Extracted material:

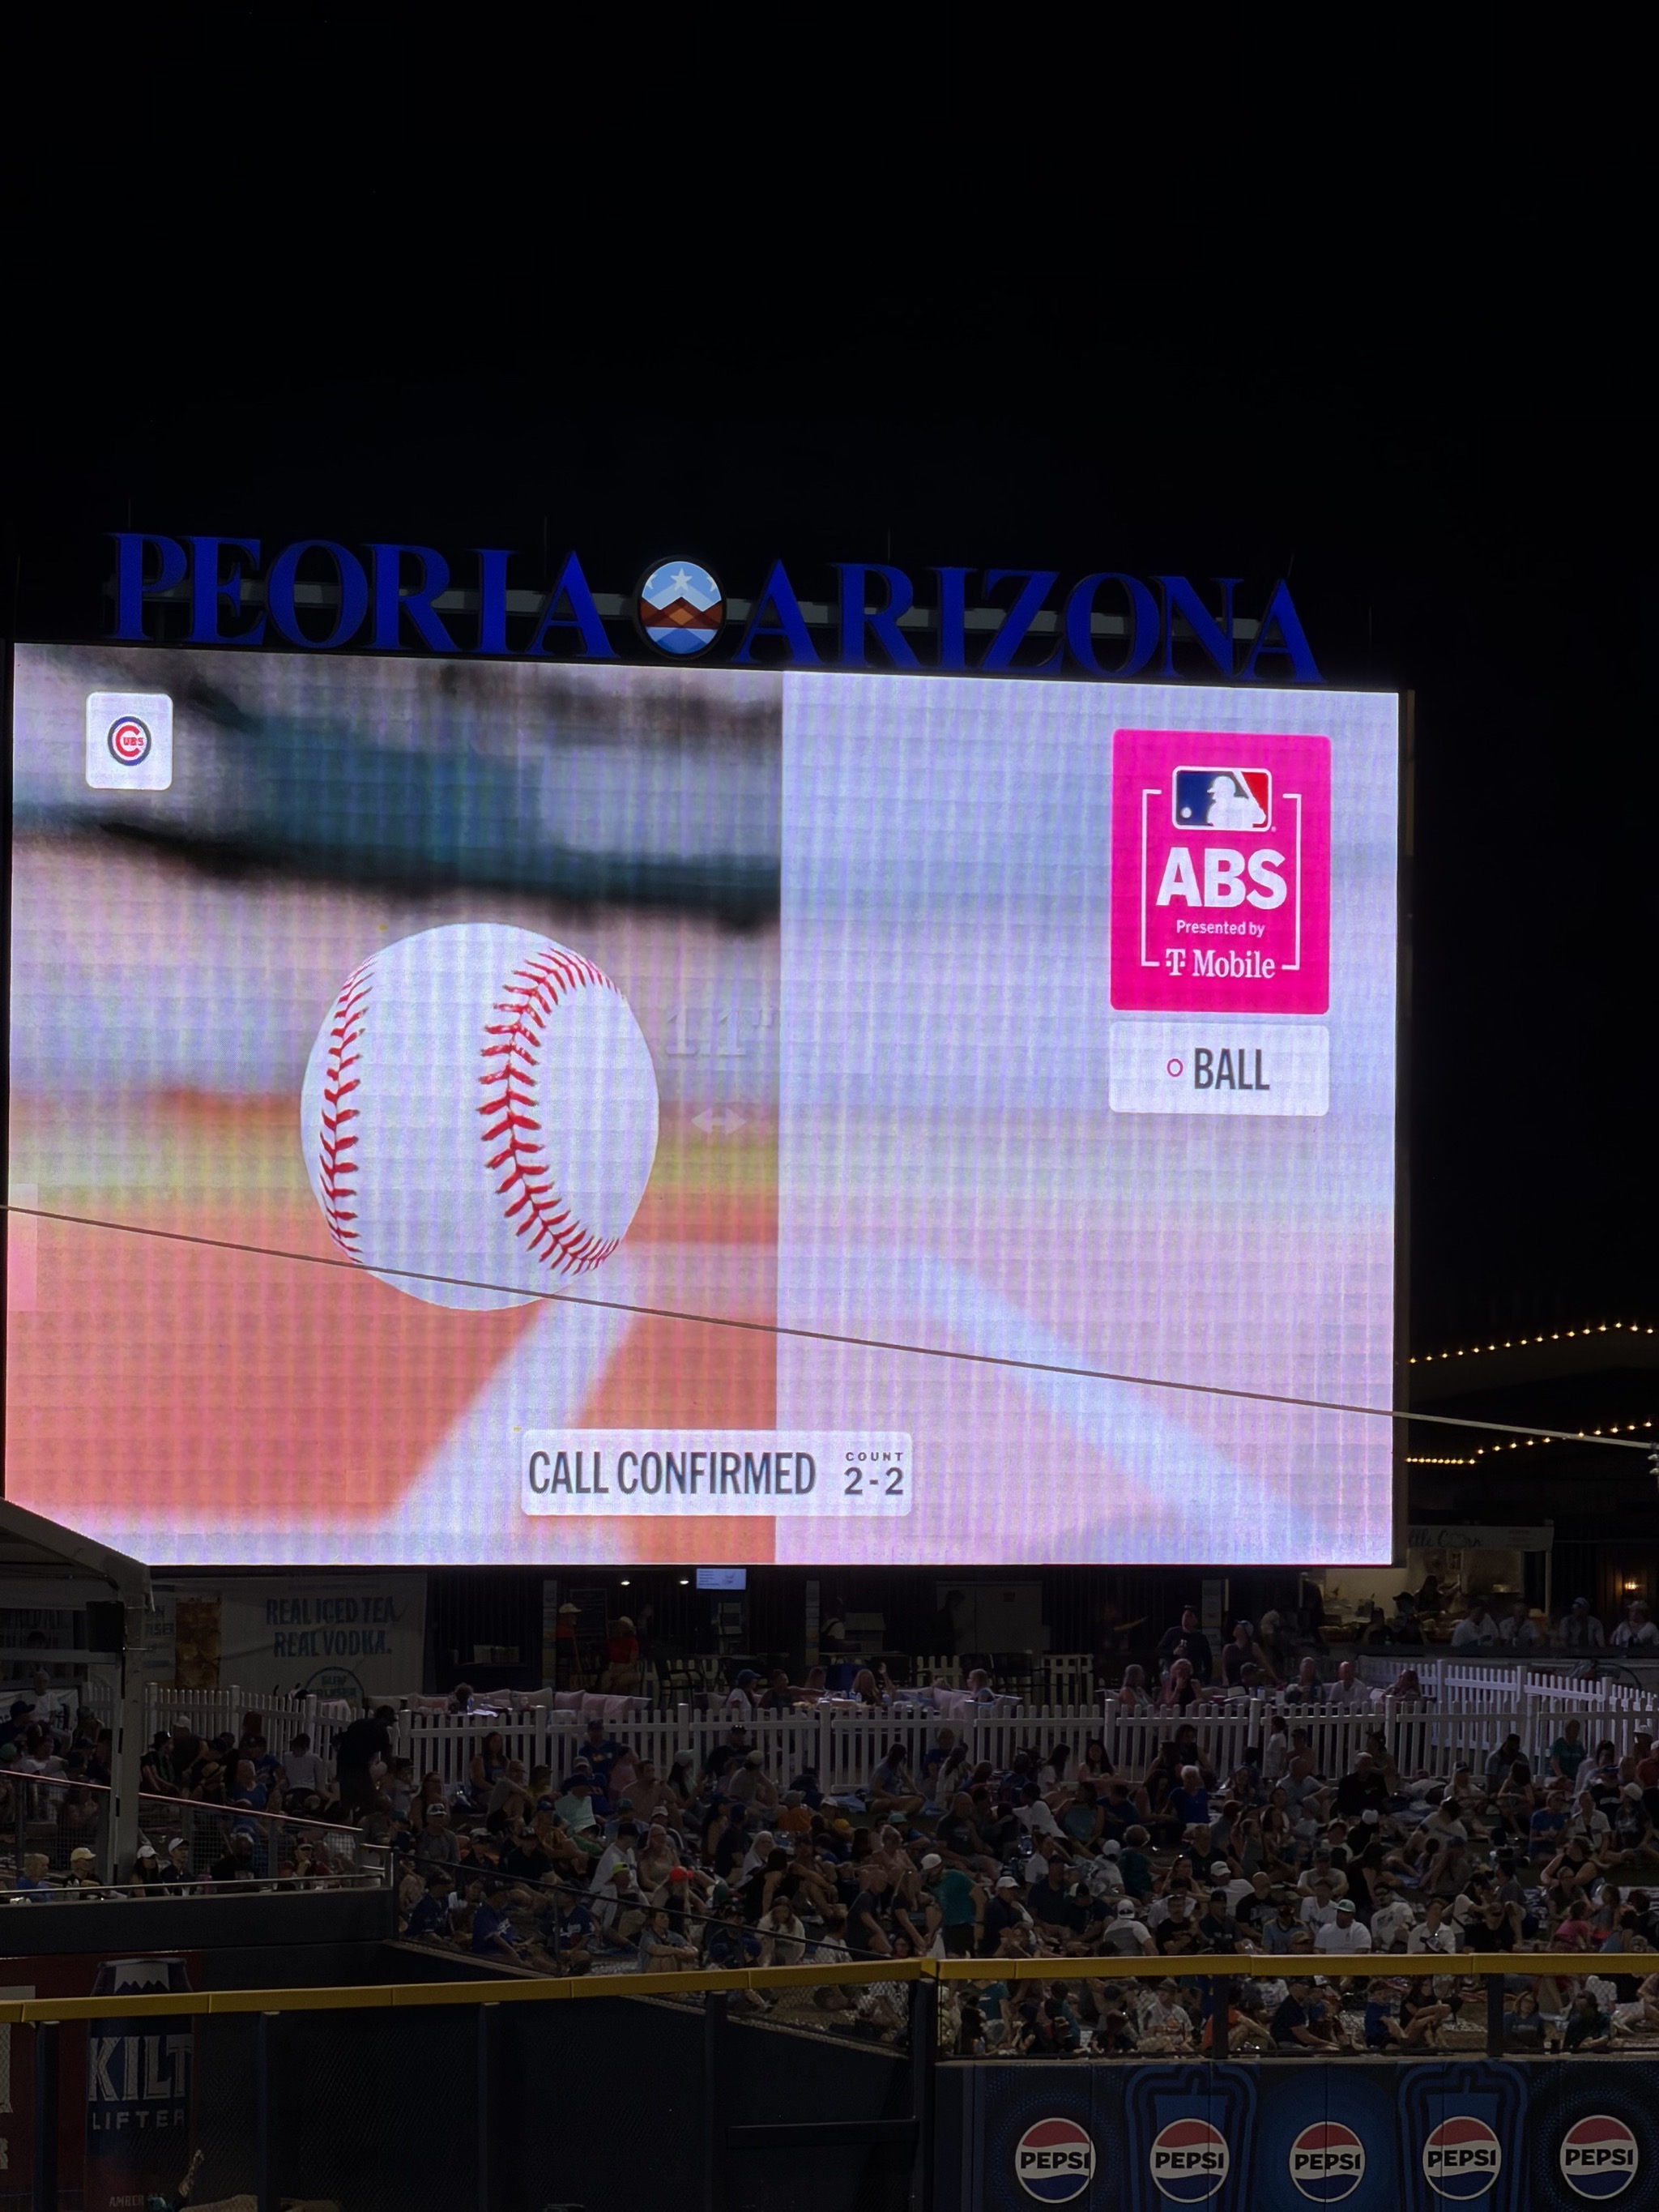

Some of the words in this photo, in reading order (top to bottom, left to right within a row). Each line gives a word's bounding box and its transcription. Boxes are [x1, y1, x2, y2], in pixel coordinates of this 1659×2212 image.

[105, 531, 621, 658] PEORIA
[728, 557, 1328, 683] ARIZONA
[1156, 846, 1287, 910] ABS
[1176, 919, 1246, 935] Presented
[1249, 922, 1265, 938] by
[1194, 1048, 1270, 1091] BALL
[845, 1451, 904, 1462] COUNT
[529, 1451, 609, 1494] CALL
[618, 1451, 817, 1495] CONFIRMED
[844, 1467, 904, 1496] 2-2
[267, 1598, 312, 1625] REAL
[316, 1597, 358, 1624] ICED
[274, 1631, 320, 1657] REAL
[323, 1629, 392, 1655] VODKA.
[87, 2032, 195, 2103] KILT
[92, 2108, 186, 2131] LIFTER
[1021, 2151, 1090, 2169] PEPSI
[1155, 2152, 1224, 2169] PEPSI
[1295, 2154, 1361, 2170] PEPSI
[1427, 2149, 1496, 2167] PEPSI
[1565, 2148, 1633, 2166] PEPSI

What to produce: I'd like the material above repeated exactly, with the pictures omitted.

Answer for this exercise:
Some of the words in this photo, in reading order (top to bottom, left to right within a row). Each line gives a word's bounding box and its transcription. Boxes are [x1, y1, x2, y2], in pixel coordinates of this 1659×2212 image.

[105, 531, 621, 658] PEORIA
[728, 557, 1328, 683] ARIZONA
[1156, 846, 1287, 910] ABS
[1176, 919, 1246, 935] Presented
[1249, 922, 1265, 938] by
[1194, 1048, 1270, 1091] BALL
[845, 1451, 904, 1462] COUNT
[529, 1451, 609, 1494] CALL
[618, 1451, 817, 1495] CONFIRMED
[844, 1467, 904, 1496] 2-2
[267, 1598, 312, 1625] REAL
[316, 1597, 358, 1624] ICED
[274, 1631, 320, 1657] REAL
[323, 1629, 392, 1655] VODKA.
[87, 2032, 195, 2103] KILT
[92, 2108, 186, 2131] LIFTER
[1021, 2151, 1090, 2169] PEPSI
[1155, 2152, 1224, 2169] PEPSI
[1295, 2154, 1361, 2170] PEPSI
[1427, 2149, 1496, 2167] PEPSI
[1565, 2148, 1633, 2166] PEPSI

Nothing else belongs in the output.